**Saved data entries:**
BEGIN

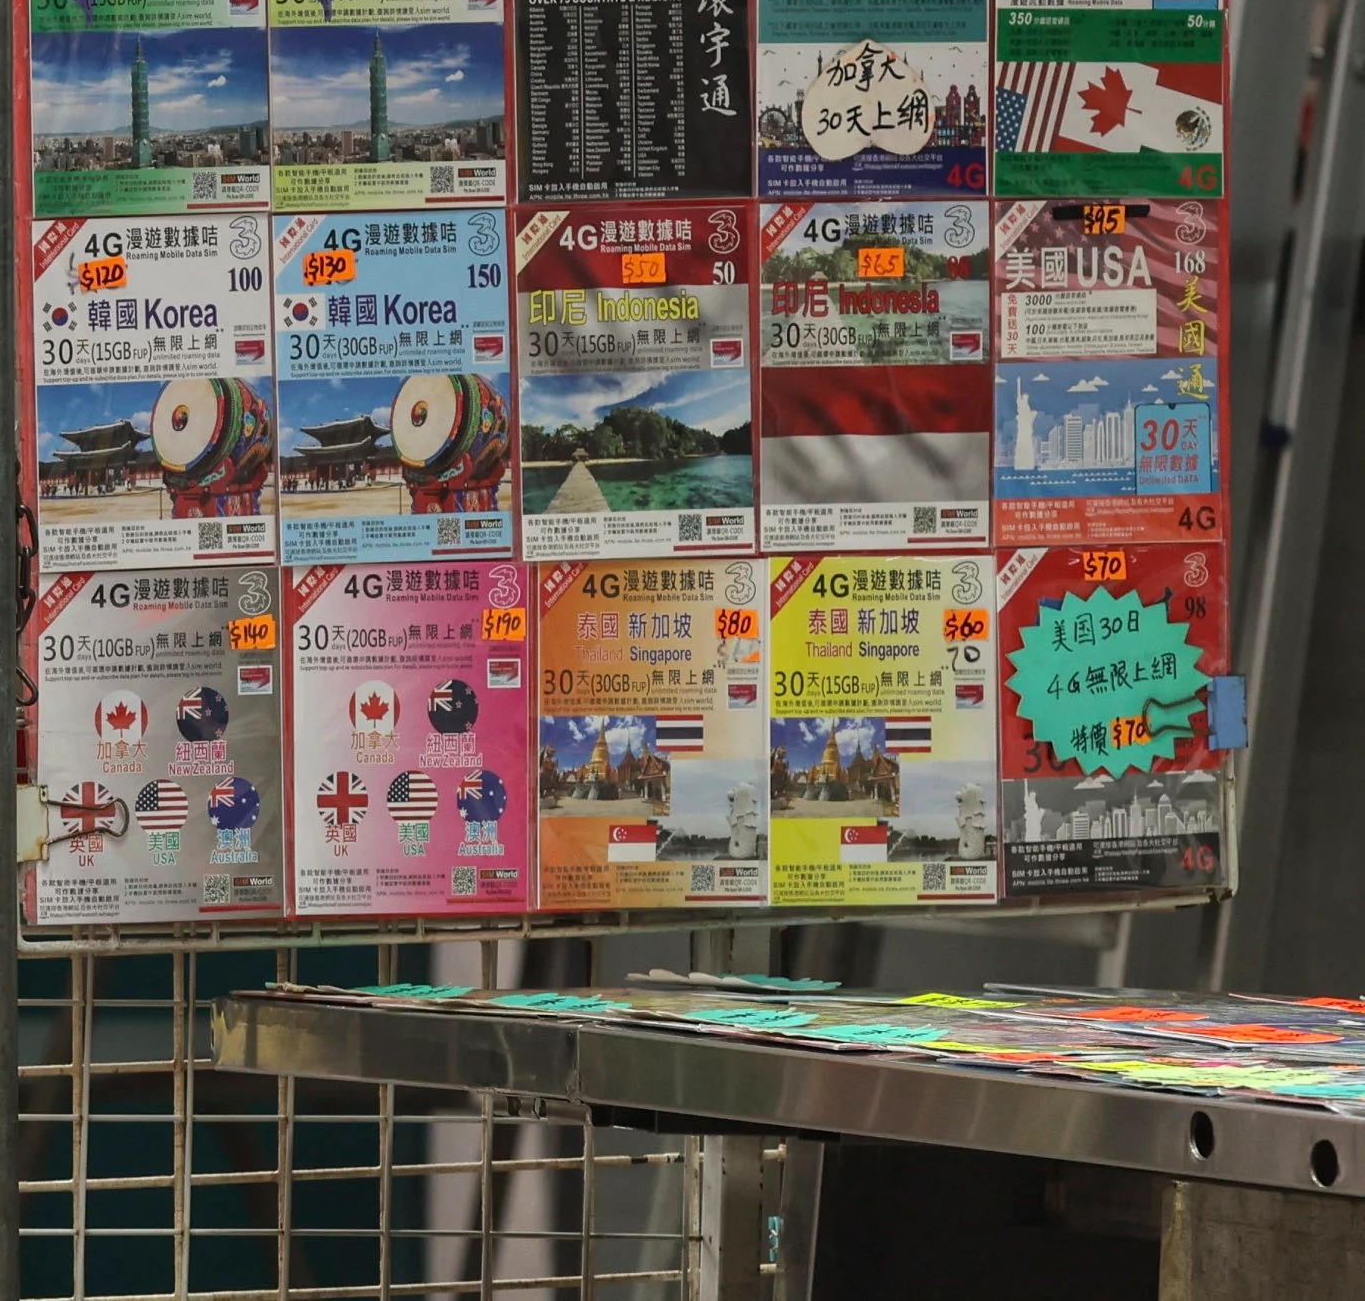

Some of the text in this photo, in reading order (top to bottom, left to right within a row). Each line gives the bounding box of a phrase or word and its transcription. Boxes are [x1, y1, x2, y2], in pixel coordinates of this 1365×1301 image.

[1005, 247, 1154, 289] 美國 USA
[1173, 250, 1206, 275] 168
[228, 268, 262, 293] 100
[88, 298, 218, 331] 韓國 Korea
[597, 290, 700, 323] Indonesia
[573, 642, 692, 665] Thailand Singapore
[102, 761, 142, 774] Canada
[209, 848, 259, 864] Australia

END

**TASK TO CARRY OUT:** The answer is the records above, repeated exactly, with no picture in it.

**EXERCISE OUTPUT:**
Some of the text in this photo, in reading order (top to bottom, left to right within a row). Each line gives the bounding box of a phrase or word and its transcription. Boxes are [x1, y1, x2, y2], in pixel coordinates of this 1365×1301 image.

[1005, 247, 1154, 289] 美國 USA
[1173, 250, 1206, 275] 168
[228, 268, 262, 293] 100
[88, 298, 218, 331] 韓國 Korea
[597, 290, 700, 323] Indonesia
[573, 642, 692, 665] Thailand Singapore
[102, 761, 142, 774] Canada
[209, 848, 259, 864] Australia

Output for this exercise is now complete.